ACTIVITY:
Word for word, print all of the lines below.

+ + +

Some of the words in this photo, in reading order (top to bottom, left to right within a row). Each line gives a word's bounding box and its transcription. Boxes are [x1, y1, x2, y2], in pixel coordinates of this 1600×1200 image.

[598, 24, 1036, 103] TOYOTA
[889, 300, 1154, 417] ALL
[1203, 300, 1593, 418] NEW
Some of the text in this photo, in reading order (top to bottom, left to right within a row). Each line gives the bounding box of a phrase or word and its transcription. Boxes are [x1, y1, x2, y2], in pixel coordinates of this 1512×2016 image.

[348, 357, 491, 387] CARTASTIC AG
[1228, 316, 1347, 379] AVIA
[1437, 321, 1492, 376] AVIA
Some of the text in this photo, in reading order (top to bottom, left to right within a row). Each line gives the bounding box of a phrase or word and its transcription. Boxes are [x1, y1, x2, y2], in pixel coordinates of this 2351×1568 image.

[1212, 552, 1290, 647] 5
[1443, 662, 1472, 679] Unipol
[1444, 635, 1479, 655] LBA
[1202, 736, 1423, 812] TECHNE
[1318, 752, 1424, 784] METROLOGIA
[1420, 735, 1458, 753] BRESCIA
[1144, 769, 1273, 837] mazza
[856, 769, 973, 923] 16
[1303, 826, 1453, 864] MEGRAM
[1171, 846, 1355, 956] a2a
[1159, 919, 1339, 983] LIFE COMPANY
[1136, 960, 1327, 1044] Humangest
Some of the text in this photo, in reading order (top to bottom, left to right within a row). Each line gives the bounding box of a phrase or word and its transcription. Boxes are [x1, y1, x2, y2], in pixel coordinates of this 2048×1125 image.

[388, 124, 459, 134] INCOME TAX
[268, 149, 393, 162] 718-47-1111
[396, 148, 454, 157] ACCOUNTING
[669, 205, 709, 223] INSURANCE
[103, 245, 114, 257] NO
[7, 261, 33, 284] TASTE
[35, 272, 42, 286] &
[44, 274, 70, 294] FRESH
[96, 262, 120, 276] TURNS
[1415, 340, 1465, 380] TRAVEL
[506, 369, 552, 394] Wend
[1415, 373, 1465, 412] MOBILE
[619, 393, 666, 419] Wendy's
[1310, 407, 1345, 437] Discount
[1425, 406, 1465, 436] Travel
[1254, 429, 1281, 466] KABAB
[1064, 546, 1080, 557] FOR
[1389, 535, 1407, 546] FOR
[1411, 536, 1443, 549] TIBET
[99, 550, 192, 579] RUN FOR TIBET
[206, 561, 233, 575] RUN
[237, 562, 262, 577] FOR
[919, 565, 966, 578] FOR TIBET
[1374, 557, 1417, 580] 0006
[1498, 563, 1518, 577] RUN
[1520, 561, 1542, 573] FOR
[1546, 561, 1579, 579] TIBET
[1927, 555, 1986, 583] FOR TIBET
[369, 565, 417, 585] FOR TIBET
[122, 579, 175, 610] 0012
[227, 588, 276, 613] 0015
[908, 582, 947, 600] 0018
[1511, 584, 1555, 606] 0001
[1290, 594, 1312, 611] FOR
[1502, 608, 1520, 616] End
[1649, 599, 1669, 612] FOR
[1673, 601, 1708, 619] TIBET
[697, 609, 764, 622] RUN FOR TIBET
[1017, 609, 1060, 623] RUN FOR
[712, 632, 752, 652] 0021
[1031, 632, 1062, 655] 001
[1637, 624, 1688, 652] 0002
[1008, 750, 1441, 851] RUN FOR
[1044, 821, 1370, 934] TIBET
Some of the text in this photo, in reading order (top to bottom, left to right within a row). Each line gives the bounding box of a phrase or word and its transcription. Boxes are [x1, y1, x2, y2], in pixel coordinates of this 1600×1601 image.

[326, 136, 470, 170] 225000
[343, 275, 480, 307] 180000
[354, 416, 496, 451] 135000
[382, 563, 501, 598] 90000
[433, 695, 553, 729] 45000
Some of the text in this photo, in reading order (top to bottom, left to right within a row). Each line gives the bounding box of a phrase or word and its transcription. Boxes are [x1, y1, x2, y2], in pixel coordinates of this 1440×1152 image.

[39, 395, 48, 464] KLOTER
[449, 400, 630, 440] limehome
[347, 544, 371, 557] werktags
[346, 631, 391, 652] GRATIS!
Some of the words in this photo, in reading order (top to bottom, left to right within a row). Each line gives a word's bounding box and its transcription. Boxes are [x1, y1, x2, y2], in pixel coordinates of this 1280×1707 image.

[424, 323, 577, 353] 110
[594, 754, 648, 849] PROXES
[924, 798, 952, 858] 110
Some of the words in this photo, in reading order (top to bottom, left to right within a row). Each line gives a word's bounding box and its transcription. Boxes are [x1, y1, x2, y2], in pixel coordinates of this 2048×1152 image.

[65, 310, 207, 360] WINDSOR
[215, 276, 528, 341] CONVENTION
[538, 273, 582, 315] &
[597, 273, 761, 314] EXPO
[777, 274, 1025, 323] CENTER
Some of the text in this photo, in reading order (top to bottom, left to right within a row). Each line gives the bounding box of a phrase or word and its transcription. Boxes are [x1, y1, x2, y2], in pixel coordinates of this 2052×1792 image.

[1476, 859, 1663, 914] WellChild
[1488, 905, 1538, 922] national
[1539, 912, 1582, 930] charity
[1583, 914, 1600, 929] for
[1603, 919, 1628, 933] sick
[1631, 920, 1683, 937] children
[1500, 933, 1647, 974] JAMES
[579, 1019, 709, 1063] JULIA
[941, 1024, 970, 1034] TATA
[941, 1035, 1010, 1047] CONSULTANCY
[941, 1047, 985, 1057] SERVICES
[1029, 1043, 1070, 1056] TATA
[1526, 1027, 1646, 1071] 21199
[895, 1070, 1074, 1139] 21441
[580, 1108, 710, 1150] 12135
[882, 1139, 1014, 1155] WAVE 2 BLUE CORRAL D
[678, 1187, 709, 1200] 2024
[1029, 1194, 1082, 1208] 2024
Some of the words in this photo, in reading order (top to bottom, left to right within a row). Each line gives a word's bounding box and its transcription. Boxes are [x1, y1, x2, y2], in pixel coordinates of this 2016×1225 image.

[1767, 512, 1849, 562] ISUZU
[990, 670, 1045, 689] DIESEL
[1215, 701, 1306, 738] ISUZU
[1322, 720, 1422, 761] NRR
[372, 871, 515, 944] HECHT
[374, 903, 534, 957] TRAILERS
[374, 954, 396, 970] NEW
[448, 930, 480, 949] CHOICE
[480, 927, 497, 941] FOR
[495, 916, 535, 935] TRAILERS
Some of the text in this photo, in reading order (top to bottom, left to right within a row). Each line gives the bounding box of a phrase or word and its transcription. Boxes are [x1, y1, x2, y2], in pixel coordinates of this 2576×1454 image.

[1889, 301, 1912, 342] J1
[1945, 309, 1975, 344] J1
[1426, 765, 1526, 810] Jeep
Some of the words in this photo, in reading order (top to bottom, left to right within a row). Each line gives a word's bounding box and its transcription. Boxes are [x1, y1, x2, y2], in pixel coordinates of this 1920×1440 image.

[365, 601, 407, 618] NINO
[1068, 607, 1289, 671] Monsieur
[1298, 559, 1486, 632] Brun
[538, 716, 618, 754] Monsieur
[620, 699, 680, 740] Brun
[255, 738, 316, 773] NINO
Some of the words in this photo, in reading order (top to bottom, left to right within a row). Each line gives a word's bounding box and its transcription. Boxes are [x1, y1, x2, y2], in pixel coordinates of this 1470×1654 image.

+ + +

EXERCISE RESULT:
Some of the words in this photo, in reading order (top to bottom, left to right within a row). Each line gives a word's bounding box and its transcription. Boxes are [x1, y1, x2, y2], in pixel coordinates of this 1600×1200 image.

[598, 24, 1036, 103] TOYOTA
[889, 300, 1154, 417] ALL
[1203, 300, 1593, 418] NEW
Some of the text in this photo, in reading order (top to bottom, left to right within a row). Each line gives the bounding box of a phrase or word and its transcription. Boxes are [x1, y1, x2, y2], in pixel coordinates of this 1512×2016 image.

[348, 357, 491, 387] CARTASTIC AG
[1228, 316, 1347, 379] AVIA
[1437, 321, 1492, 376] AVIA
Some of the text in this photo, in reading order (top to bottom, left to right within a row). Each line gives the bounding box of a phrase or word and its transcription. Boxes are [x1, y1, x2, y2], in pixel coordinates of this 2351×1568 image.

[1212, 552, 1290, 647] 5
[1443, 662, 1472, 679] Unipol
[1444, 635, 1479, 655] LBA
[1202, 736, 1423, 812] TECHNE
[1318, 752, 1424, 784] METROLOGIA
[1420, 735, 1458, 753] BRESCIA
[1144, 769, 1273, 837] mazza
[856, 769, 973, 923] 16
[1303, 826, 1453, 864] MEGRAM
[1171, 846, 1355, 956] a2a
[1159, 919, 1339, 983] LIFE COMPANY
[1136, 960, 1327, 1044] Humangest
Some of the text in this photo, in reading order (top to bottom, left to right within a row). Each line gives the bounding box of a phrase or word and its transcription. Boxes are [x1, y1, x2, y2], in pixel coordinates of this 2048×1125 image.

[388, 124, 459, 134] INCOME TAX
[268, 149, 393, 162] 718-47-1111
[396, 148, 454, 157] ACCOUNTING
[669, 205, 709, 223] INSURANCE
[103, 245, 114, 257] NO
[7, 261, 33, 284] TASTE
[35, 272, 42, 286] &
[44, 274, 70, 294] FRESH
[96, 262, 120, 276] TURNS
[1415, 340, 1465, 380] TRAVEL
[506, 369, 552, 394] Wend
[1415, 373, 1465, 412] MOBILE
[619, 393, 666, 419] Wendy's
[1310, 407, 1345, 437] Discount
[1425, 406, 1465, 436] Travel
[1254, 429, 1281, 466] KABAB
[1064, 546, 1080, 557] FOR
[1389, 535, 1407, 546] FOR
[1411, 536, 1443, 549] TIBET
[99, 550, 192, 579] RUN FOR TIBET
[206, 561, 233, 575] RUN
[237, 562, 262, 577] FOR
[919, 565, 966, 578] FOR TIBET
[1374, 557, 1417, 580] 0006
[1498, 563, 1518, 577] RUN
[1520, 561, 1542, 573] FOR
[1546, 561, 1579, 579] TIBET
[1927, 555, 1986, 583] FOR TIBET
[369, 565, 417, 585] FOR TIBET
[122, 579, 175, 610] 0012
[227, 588, 276, 613] 0015
[908, 582, 947, 600] 0018
[1511, 584, 1555, 606] 0001
[1290, 594, 1312, 611] FOR
[1502, 608, 1520, 616] End
[1649, 599, 1669, 612] FOR
[1673, 601, 1708, 619] TIBET
[697, 609, 764, 622] RUN FOR TIBET
[1017, 609, 1060, 623] RUN FOR
[712, 632, 752, 652] 0021
[1031, 632, 1062, 655] 001
[1637, 624, 1688, 652] 0002
[1008, 750, 1441, 851] RUN FOR
[1044, 821, 1370, 934] TIBET
Some of the text in this photo, in reading order (top to bottom, left to right within a row). Each line gives the bounding box of a phrase or word and its transcription. Boxes are [x1, y1, x2, y2], in pixel coordinates of this 1600×1601 image.

[326, 136, 470, 170] 225000
[343, 275, 480, 307] 180000
[354, 416, 496, 451] 135000
[382, 563, 501, 598] 90000
[433, 695, 553, 729] 45000
Some of the text in this photo, in reading order (top to bottom, left to right within a row). Each line gives the bounding box of a phrase or word and its transcription. Boxes are [x1, y1, x2, y2], in pixel coordinates of this 1440×1152 image.

[39, 395, 48, 464] KLOTER
[449, 400, 630, 440] limehome
[347, 544, 371, 557] werktags
[346, 631, 391, 652] GRATIS!
Some of the words in this photo, in reading order (top to bottom, left to right within a row). Each line gives a word's bounding box and its transcription. Boxes are [x1, y1, x2, y2], in pixel coordinates of this 1280×1707 image.

[424, 323, 577, 353] 110
[594, 754, 648, 849] PROXES
[924, 798, 952, 858] 110
Some of the words in this photo, in reading order (top to bottom, left to right within a row). Each line gives a word's bounding box and its transcription. Boxes are [x1, y1, x2, y2], in pixel coordinates of this 2048×1152 image.

[65, 310, 207, 360] WINDSOR
[215, 276, 528, 341] CONVENTION
[538, 273, 582, 315] &
[597, 273, 761, 314] EXPO
[777, 274, 1025, 323] CENTER
Some of the text in this photo, in reading order (top to bottom, left to right within a row). Each line gives the bounding box of a phrase or word and its transcription. Boxes are [x1, y1, x2, y2], in pixel coordinates of this 2052×1792 image.

[1476, 859, 1663, 914] WellChild
[1488, 905, 1538, 922] national
[1539, 912, 1582, 930] charity
[1583, 914, 1600, 929] for
[1603, 919, 1628, 933] sick
[1631, 920, 1683, 937] children
[1500, 933, 1647, 974] JAMES
[579, 1019, 709, 1063] JULIA
[941, 1024, 970, 1034] TATA
[941, 1035, 1010, 1047] CONSULTANCY
[941, 1047, 985, 1057] SERVICES
[1029, 1043, 1070, 1056] TATA
[1526, 1027, 1646, 1071] 21199
[895, 1070, 1074, 1139] 21441
[580, 1108, 710, 1150] 12135
[882, 1139, 1014, 1155] WAVE 2 BLUE CORRAL D
[678, 1187, 709, 1200] 2024
[1029, 1194, 1082, 1208] 2024
Some of the words in this photo, in reading order (top to bottom, left to right within a row). Each line gives a word's bounding box and its transcription. Boxes are [x1, y1, x2, y2], in pixel coordinates of this 2016×1225 image.

[1767, 512, 1849, 562] ISUZU
[990, 670, 1045, 689] DIESEL
[1215, 701, 1306, 738] ISUZU
[1322, 720, 1422, 761] NRR
[372, 871, 515, 944] HECHT
[374, 903, 534, 957] TRAILERS
[374, 954, 396, 970] NEW
[448, 930, 480, 949] CHOICE
[480, 927, 497, 941] FOR
[495, 916, 535, 935] TRAILERS
Some of the text in this photo, in reading order (top to bottom, left to right within a row). Each line gives the bounding box of a phrase or word and its transcription. Boxes are [x1, y1, x2, y2], in pixel coordinates of this 2576×1454 image.

[1889, 301, 1912, 342] J1
[1945, 309, 1975, 344] J1
[1426, 765, 1526, 810] Jeep
Some of the words in this photo, in reading order (top to bottom, left to right within a row). Each line gives a word's bounding box and its transcription. Boxes are [x1, y1, x2, y2], in pixel coordinates of this 1920×1440 image.

[365, 601, 407, 618] NINO
[1068, 607, 1289, 671] Monsieur
[1298, 559, 1486, 632] Brun
[538, 716, 618, 754] Monsieur
[620, 699, 680, 740] Brun
[255, 738, 316, 773] NINO
Some of the words in this photo, in reading order (top to bottom, left to right within a row). Each line gives a word's bounding box and its transcription. Boxes are [x1, y1, x2, y2], in pixel coordinates of this 1470×1654 image.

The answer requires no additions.